This gravity idea causes a lot of anxiety in pregnant mothers and they often fear that they will be “tied to the bed” or have to deliver “flat on their backs,” working against gravity. I will often be working with an exhausted mother, who is pushing well on her back and has no energy for any other position, that suddenly cries out, “but shouldn’t I try to get up so I can get some gravity?”

But the simple fact is that gravity has nothing to do with getting a baby out. If it did, babies would be falling out of women left and right and there would be little need for advice about birth. No, getting a baby out is about moving a baby past an obstruction: the mother’s cervix, soft tissue, including cartilage and muscle, and the hard bones of the pelvis. In order for this to happen, the mother’s soft tissues need to mold, stretch, and relax and the connections between the bones in the pelvis need to loosen. Adequate force must then consistently work the baby through these structures. The baby has to rotate into different orientations so that it may move more easily through pelvis and the bones in the baby’s skull must shift and mold in order to decrease the diameter of the baby’s head squeezing through this narrow passage. It is an extremely complicated process and given that mothers and babies come in all different shapes and sizes, it is no wonder that it can be a significant challenge to achieve.

This is not to say that freedom of movement, ambulation, and alternative pushing positions do not benefit women in labor. They do. Studies have shown that mothers who are able to move freely throughout their labors report less pain, have shorter labors, and less need for pitocin and epidurals. Alternative pushing positions, such as hands-and-knees, side lying, and squatting, are associated with less perineal tearing, shorter pushing stages, and less observed fetal heart rate changes, however in the studies that have been performed, no one pushing position was so superior as to consider it a preferred position for delivery.
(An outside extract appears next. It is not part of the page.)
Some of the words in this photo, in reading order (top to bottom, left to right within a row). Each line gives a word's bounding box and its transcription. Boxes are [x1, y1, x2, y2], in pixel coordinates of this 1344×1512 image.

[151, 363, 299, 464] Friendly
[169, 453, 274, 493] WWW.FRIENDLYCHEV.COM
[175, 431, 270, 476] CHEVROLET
Furthermore, none of the studies examining position in labor and specifically pushing positions have demonstrated higher spontaneous vaginal delivery rates in mom’s who spend their labors upright or push in upright positions. In fact, a recent well-done study in the UK which specifically looked at women with epidurals, found that women who pushed on their backs actually had higher vaginal delivery rates than those that sat upright, even though their deliveries where performed by midwives who reported that they believed upright positions were superior.  (Upright versus lying down position in second stage of labour in nulliparous women with low dose epidural: BUMPES randomised controlled trial. BMJ 2017; 359 :j4471)
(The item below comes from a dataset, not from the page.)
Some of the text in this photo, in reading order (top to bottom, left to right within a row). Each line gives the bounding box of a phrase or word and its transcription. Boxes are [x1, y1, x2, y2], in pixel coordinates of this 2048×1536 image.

The apparent conflict in these observations is because the forces acting on a baby during labor and causing changes in the mother’s body are internal, not external. The observed benefits of alternative positioning are not due to the external force of gravity, but are due to their direct effect on the mother’s musculoskeletal system, which alters the dimensions of the maternal pelvis and the direction in which internal forces are acting on the baby. The combination of these factors aid in rotation and proper alignment of the baby’s head with it’s mother’s pelvis. Anything that enables proper muscle relaxation and alignment of the fetal head in the pelvis can achieve this same effect, including hydrotherapy or even an epidural. Any position that allows the forces of uterine contractions and maternal pushing to effectively move a baby through the pelvis is a good position. For some women that will be upright, for some women that will be a side-lying position, and for others it will be on their back.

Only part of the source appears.